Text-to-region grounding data
**********

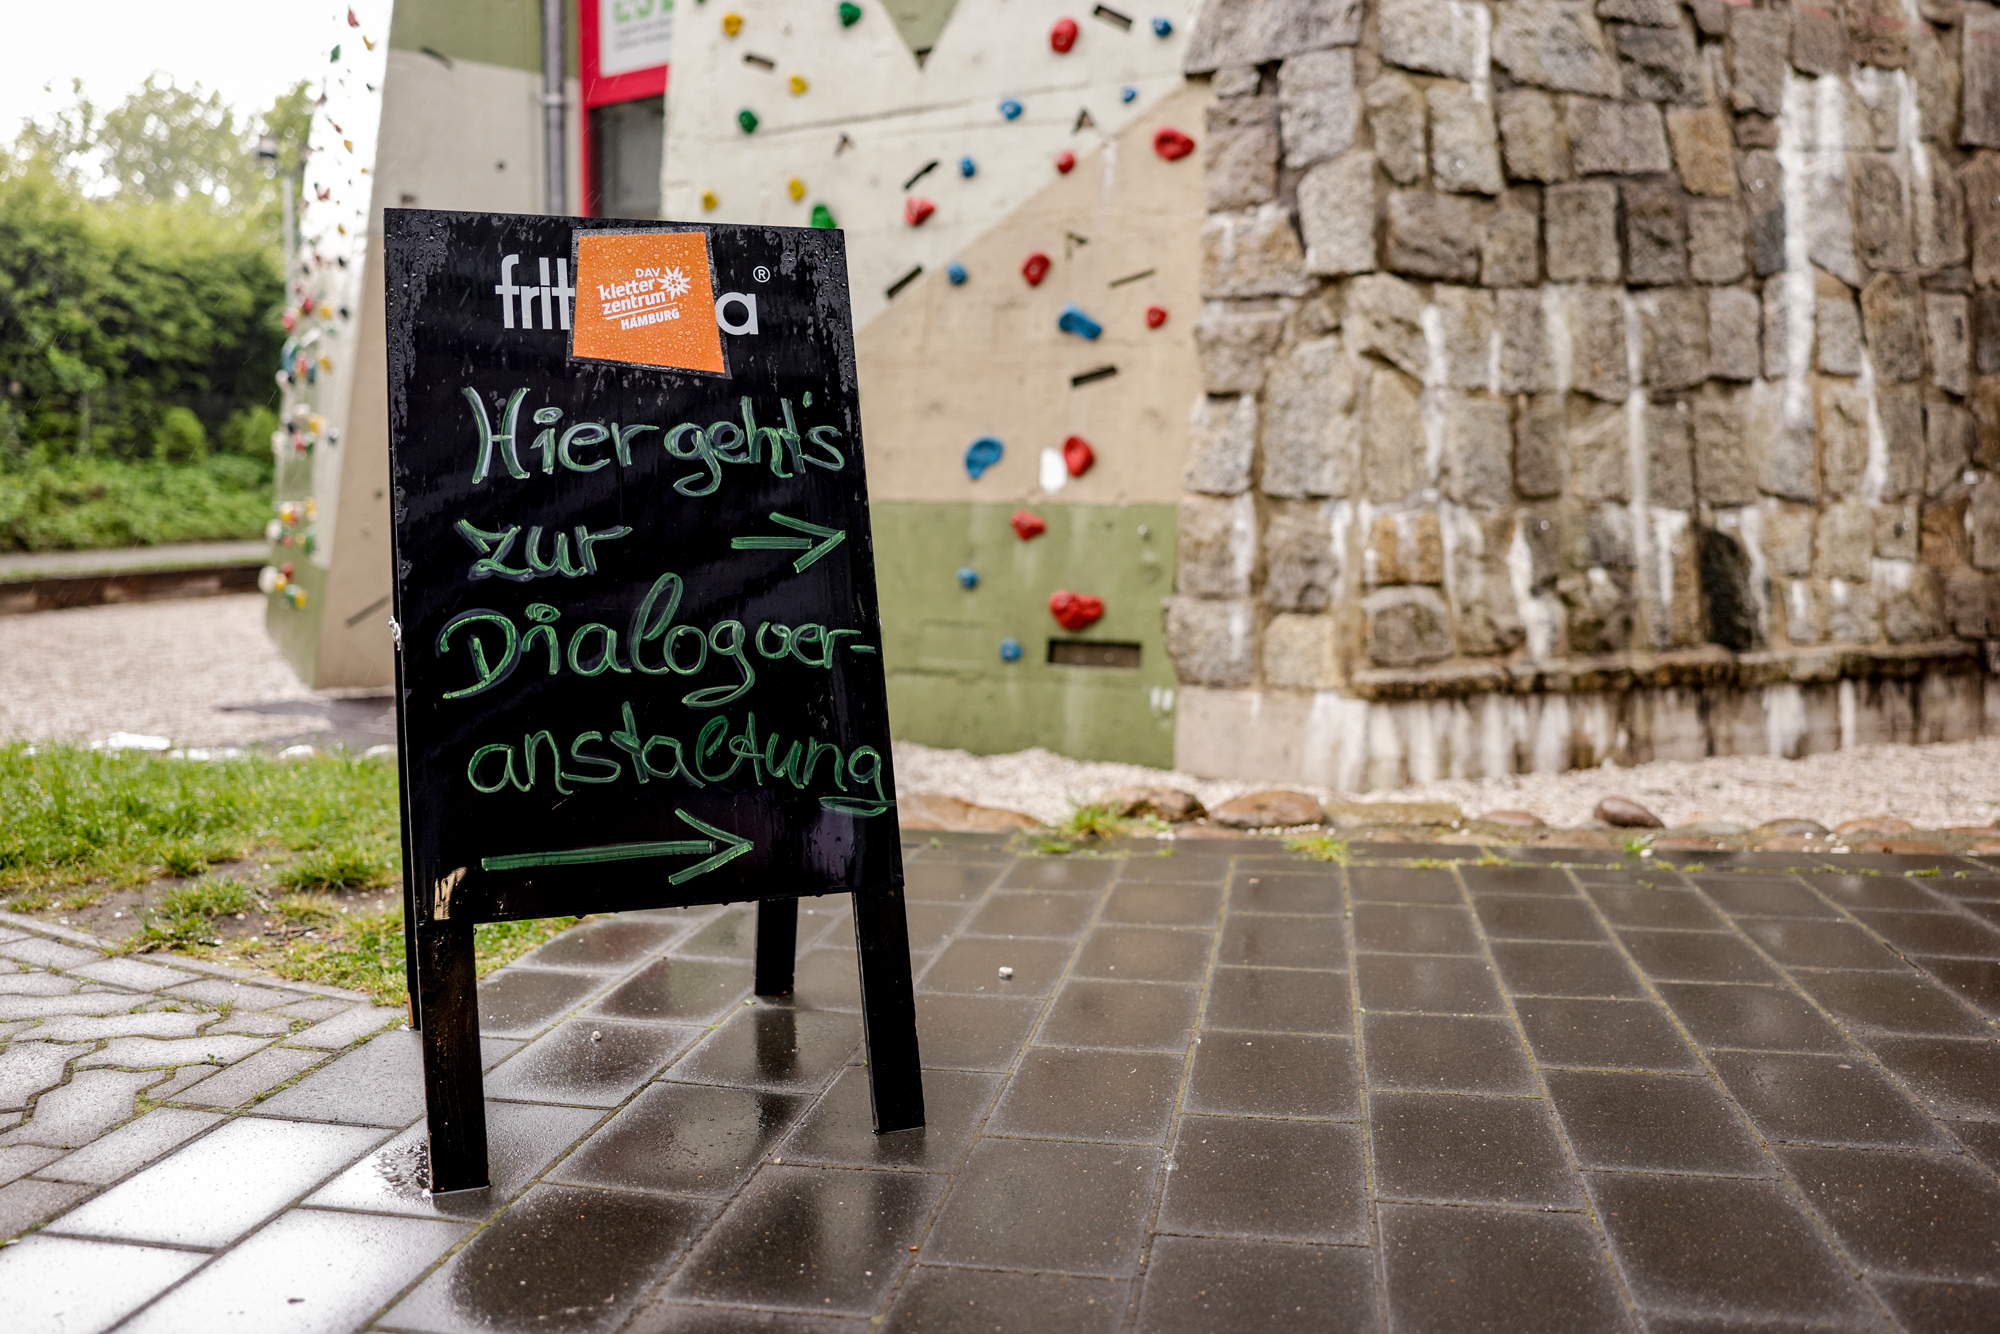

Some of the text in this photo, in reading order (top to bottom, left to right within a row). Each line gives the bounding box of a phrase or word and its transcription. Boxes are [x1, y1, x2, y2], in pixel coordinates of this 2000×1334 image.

[635, 267, 661, 278] DAV
[596, 278, 656, 301] kletter
[601, 291, 666, 315] zentrum
[620, 307, 680, 331] HAMBURG
[461, 386, 845, 496] Hier geht's
[455, 519, 633, 582] zur
[467, 701, 897, 817] anstaltung
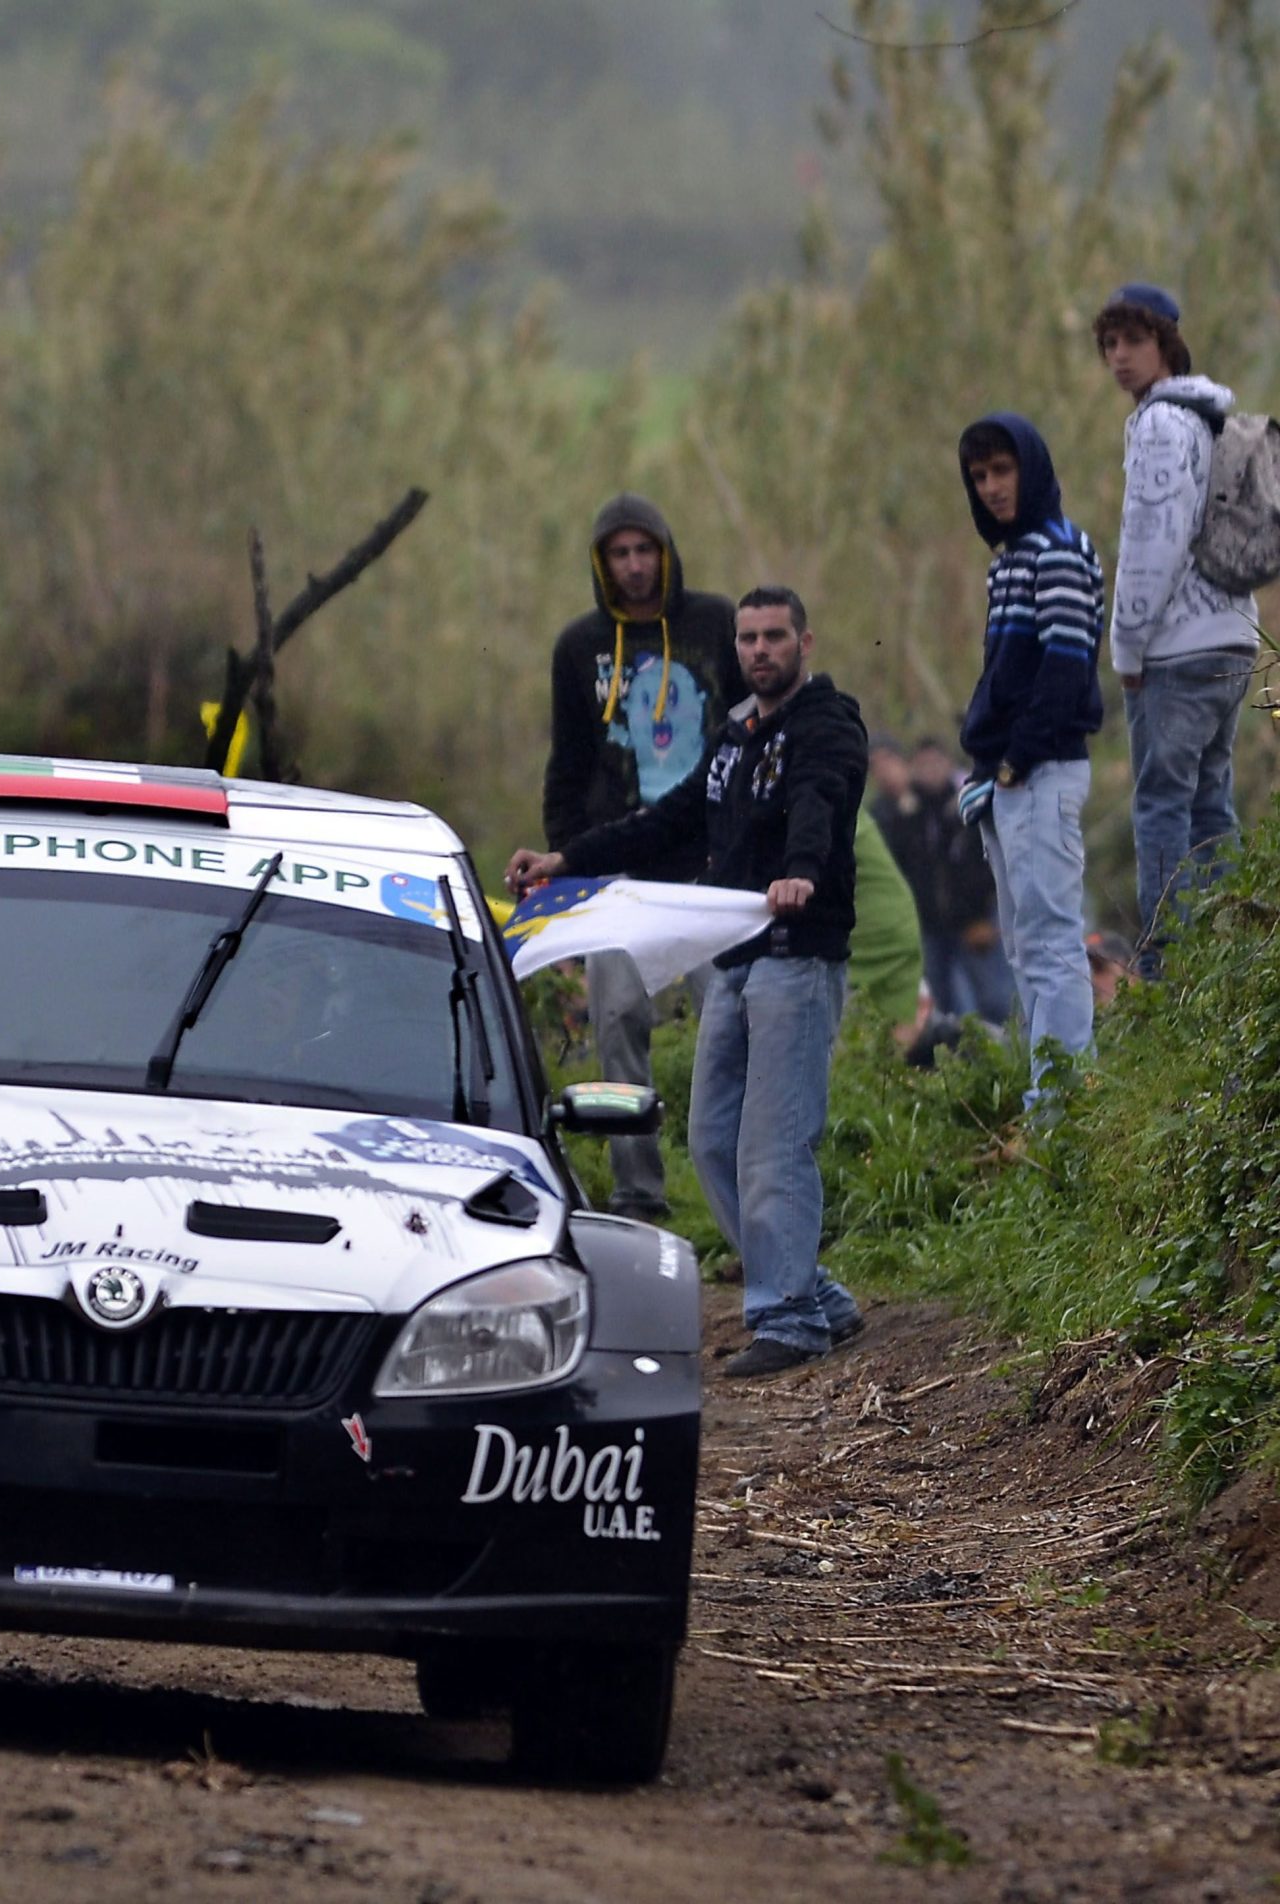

**********

### WHAT TO WORK ON
Please reproduce the entries above exactly, omitting every picture.

### WRITTEN SOLUTION
Some of the text in this photo, in reading order (top to bottom, left to right within a row). Each line gives the bounding box of a phrase or word and its transcription. Boxes are [x1, y1, x2, y2], in pixel coordinates of this 2000×1334 image.

[635, 267, 661, 278] DAV
[596, 278, 656, 301] kletter
[601, 291, 666, 315] zentrum
[620, 307, 680, 331] HAMBURG
[461, 386, 845, 496] Hier geht's
[455, 519, 633, 582] zur
[467, 701, 897, 817] anstaltung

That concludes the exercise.